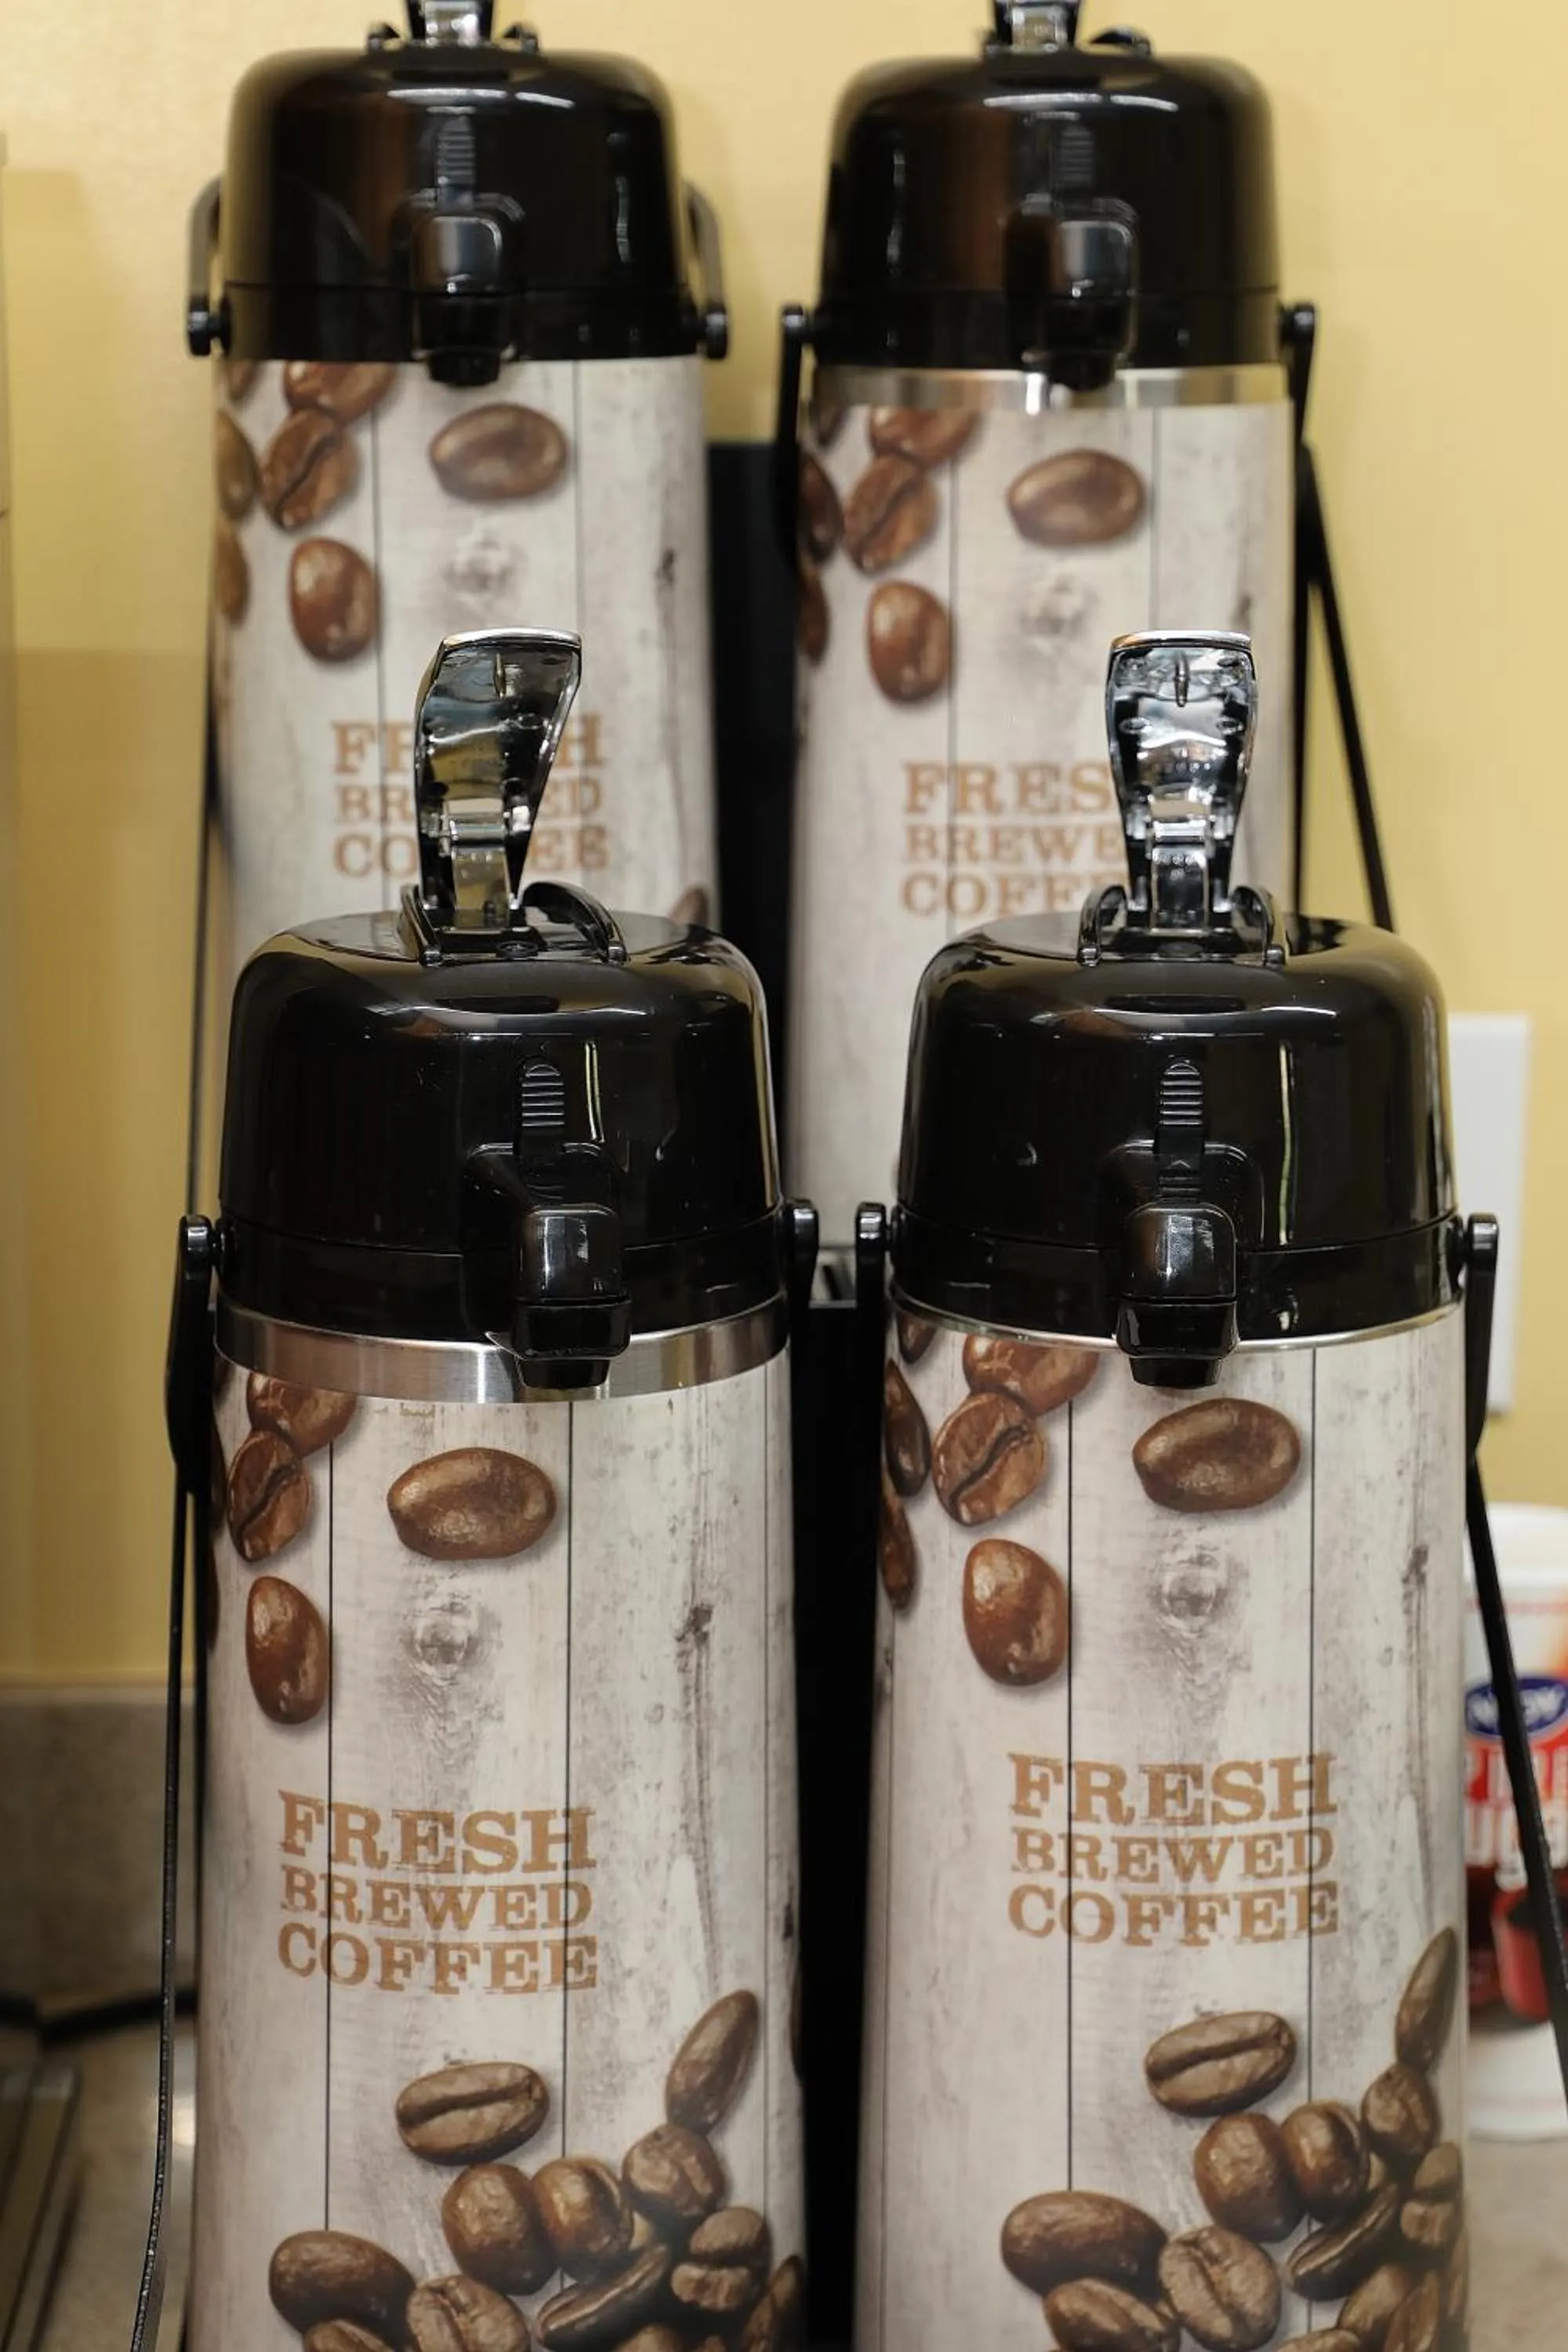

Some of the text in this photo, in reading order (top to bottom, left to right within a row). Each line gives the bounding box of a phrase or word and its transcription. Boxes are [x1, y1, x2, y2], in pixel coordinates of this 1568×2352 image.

[902, 760, 1112, 815] FRES
[334, 826, 608, 877] COEE
[904, 823, 1123, 863] BREWE
[1007, 1751, 1338, 1826] FRESH
[278, 1789, 597, 1875] FRESH
[1010, 1825, 1334, 1883] BREWED
[280, 1864, 593, 1932] BREWED
[1007, 1880, 1338, 1947] COFFEE
[278, 1921, 597, 1995] COFFEE
= = =
Exercise objective:
None of the pictures should be kept; reproduce all the remaining material exactly.

Task answer:
Some of the text in this photo, in reading order (top to bottom, left to right within a row). Each line gives the bounding box of a phrase or word and its transcription. Boxes are [x1, y1, x2, y2], in pixel coordinates of this 1568×2352 image.

[902, 760, 1112, 815] FRES
[334, 826, 608, 877] COEE
[904, 823, 1123, 863] BREWE
[1007, 1751, 1338, 1826] FRESH
[278, 1789, 597, 1875] FRESH
[1010, 1825, 1334, 1883] BREWED
[280, 1864, 593, 1932] BREWED
[1007, 1880, 1338, 1947] COFFEE
[278, 1921, 597, 1995] COFFEE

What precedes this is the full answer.